[Saved entries]
★ ★ ★ ★ ★

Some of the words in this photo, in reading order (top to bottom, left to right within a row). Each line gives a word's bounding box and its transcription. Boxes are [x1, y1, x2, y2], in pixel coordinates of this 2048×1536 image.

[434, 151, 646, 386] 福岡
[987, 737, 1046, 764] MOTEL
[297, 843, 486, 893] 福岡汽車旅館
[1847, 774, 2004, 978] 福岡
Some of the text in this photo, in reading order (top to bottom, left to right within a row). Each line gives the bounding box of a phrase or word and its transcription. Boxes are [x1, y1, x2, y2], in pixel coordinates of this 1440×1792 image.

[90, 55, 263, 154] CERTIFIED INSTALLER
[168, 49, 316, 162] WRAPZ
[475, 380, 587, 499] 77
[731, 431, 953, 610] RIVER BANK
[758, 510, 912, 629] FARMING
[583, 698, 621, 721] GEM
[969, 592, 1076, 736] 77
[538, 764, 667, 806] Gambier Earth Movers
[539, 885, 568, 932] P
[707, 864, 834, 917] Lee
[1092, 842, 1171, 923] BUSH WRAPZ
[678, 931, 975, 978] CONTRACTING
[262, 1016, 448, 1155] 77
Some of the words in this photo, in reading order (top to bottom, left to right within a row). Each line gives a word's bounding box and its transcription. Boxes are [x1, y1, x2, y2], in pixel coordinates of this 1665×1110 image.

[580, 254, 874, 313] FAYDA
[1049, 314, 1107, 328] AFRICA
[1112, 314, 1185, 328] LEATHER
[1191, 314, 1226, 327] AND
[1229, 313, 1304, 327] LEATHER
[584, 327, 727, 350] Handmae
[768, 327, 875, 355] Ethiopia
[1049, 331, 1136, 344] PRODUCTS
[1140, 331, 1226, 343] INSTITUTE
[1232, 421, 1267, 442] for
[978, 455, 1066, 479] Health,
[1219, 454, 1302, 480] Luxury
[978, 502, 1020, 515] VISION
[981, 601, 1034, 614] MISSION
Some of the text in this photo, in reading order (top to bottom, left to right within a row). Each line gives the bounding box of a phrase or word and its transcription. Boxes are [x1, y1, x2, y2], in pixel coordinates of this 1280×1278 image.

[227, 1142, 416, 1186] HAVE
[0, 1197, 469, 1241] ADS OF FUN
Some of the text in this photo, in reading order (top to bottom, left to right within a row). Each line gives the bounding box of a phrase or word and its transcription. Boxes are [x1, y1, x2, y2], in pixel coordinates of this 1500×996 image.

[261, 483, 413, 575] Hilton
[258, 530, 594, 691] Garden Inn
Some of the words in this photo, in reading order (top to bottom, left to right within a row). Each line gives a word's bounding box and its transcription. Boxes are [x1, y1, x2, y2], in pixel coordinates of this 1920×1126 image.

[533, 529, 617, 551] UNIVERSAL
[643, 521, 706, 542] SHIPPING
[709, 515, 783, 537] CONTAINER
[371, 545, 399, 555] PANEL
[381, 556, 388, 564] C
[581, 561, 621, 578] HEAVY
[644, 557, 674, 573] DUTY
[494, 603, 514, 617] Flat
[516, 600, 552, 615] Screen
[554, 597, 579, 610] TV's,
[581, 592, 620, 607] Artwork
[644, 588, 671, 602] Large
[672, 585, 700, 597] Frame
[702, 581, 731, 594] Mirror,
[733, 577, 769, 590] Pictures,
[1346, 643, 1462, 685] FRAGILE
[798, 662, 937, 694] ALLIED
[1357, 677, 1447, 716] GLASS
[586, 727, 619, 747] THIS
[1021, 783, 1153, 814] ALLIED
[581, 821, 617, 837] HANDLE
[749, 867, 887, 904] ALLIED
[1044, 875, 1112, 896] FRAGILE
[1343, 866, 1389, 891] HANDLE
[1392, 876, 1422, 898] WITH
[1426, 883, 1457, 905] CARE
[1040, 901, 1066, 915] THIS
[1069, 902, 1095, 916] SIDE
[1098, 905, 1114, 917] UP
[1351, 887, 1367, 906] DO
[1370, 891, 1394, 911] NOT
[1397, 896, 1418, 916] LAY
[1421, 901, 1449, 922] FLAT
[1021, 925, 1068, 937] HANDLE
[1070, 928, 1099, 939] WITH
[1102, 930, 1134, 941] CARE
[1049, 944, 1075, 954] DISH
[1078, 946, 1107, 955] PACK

★ ★ ★ ★ ★

▶ [What is required]:
Your job is to write out the data exactly as it stands.

▶ [Written answer]:
Some of the words in this photo, in reading order (top to bottom, left to right within a row). Each line gives a word's bounding box and its transcription. Boxes are [x1, y1, x2, y2], in pixel coordinates of this 2048×1536 image.

[434, 151, 646, 386] 福岡
[987, 737, 1046, 764] MOTEL
[297, 843, 486, 893] 福岡汽車旅館
[1847, 774, 2004, 978] 福岡
Some of the text in this photo, in reading order (top to bottom, left to right within a row). Each line gives the bounding box of a phrase or word and its transcription. Boxes are [x1, y1, x2, y2], in pixel coordinates of this 1440×1792 image.

[90, 55, 263, 154] CERTIFIED INSTALLER
[168, 49, 316, 162] WRAPZ
[475, 380, 587, 499] 77
[731, 431, 953, 610] RIVER BANK
[758, 510, 912, 629] FARMING
[583, 698, 621, 721] GEM
[969, 592, 1076, 736] 77
[538, 764, 667, 806] Gambier Earth Movers
[539, 885, 568, 932] P
[707, 864, 834, 917] Lee
[1092, 842, 1171, 923] BUSH WRAPZ
[678, 931, 975, 978] CONTRACTING
[262, 1016, 448, 1155] 77
Some of the words in this photo, in reading order (top to bottom, left to right within a row). Each line gives a word's bounding box and its transcription. Boxes are [x1, y1, x2, y2], in pixel coordinates of this 1665×1110 image.

[580, 254, 874, 313] FAYDA
[1049, 314, 1107, 328] AFRICA
[1112, 314, 1185, 328] LEATHER
[1191, 314, 1226, 327] AND
[1229, 313, 1304, 327] LEATHER
[584, 327, 727, 350] Handmae
[768, 327, 875, 355] Ethiopia
[1049, 331, 1136, 344] PRODUCTS
[1140, 331, 1226, 343] INSTITUTE
[1232, 421, 1267, 442] for
[978, 455, 1066, 479] Health,
[1219, 454, 1302, 480] Luxury
[978, 502, 1020, 515] VISION
[981, 601, 1034, 614] MISSION
Some of the text in this photo, in reading order (top to bottom, left to right within a row). Each line gives the bounding box of a phrase or word and its transcription. Boxes are [x1, y1, x2, y2], in pixel coordinates of this 1280×1278 image.

[227, 1142, 416, 1186] HAVE
[0, 1197, 469, 1241] ADS OF FUN
Some of the text in this photo, in reading order (top to bottom, left to right within a row). Each line gives the bounding box of a phrase or word and its transcription. Boxes are [x1, y1, x2, y2], in pixel coordinates of this 1500×996 image.

[261, 483, 413, 575] Hilton
[258, 530, 594, 691] Garden Inn
Some of the words in this photo, in reading order (top to bottom, left to right within a row). Each line gives a word's bounding box and its transcription. Boxes are [x1, y1, x2, y2], in pixel coordinates of this 1920×1126 image.

[533, 529, 617, 551] UNIVERSAL
[643, 521, 706, 542] SHIPPING
[709, 515, 783, 537] CONTAINER
[371, 545, 399, 555] PANEL
[381, 556, 388, 564] C
[581, 561, 621, 578] HEAVY
[644, 557, 674, 573] DUTY
[494, 603, 514, 617] Flat
[516, 600, 552, 615] Screen
[554, 597, 579, 610] TV's,
[581, 592, 620, 607] Artwork
[644, 588, 671, 602] Large
[672, 585, 700, 597] Frame
[702, 581, 731, 594] Mirror,
[733, 577, 769, 590] Pictures,
[1346, 643, 1462, 685] FRAGILE
[798, 662, 937, 694] ALLIED
[1357, 677, 1447, 716] GLASS
[586, 727, 619, 747] THIS
[1021, 783, 1153, 814] ALLIED
[581, 821, 617, 837] HANDLE
[749, 867, 887, 904] ALLIED
[1044, 875, 1112, 896] FRAGILE
[1343, 866, 1389, 891] HANDLE
[1392, 876, 1422, 898] WITH
[1426, 883, 1457, 905] CARE
[1040, 901, 1066, 915] THIS
[1069, 902, 1095, 916] SIDE
[1098, 905, 1114, 917] UP
[1351, 887, 1367, 906] DO
[1370, 891, 1394, 911] NOT
[1397, 896, 1418, 916] LAY
[1421, 901, 1449, 922] FLAT
[1021, 925, 1068, 937] HANDLE
[1070, 928, 1099, 939] WITH
[1102, 930, 1134, 941] CARE
[1049, 944, 1075, 954] DISH
[1078, 946, 1107, 955] PACK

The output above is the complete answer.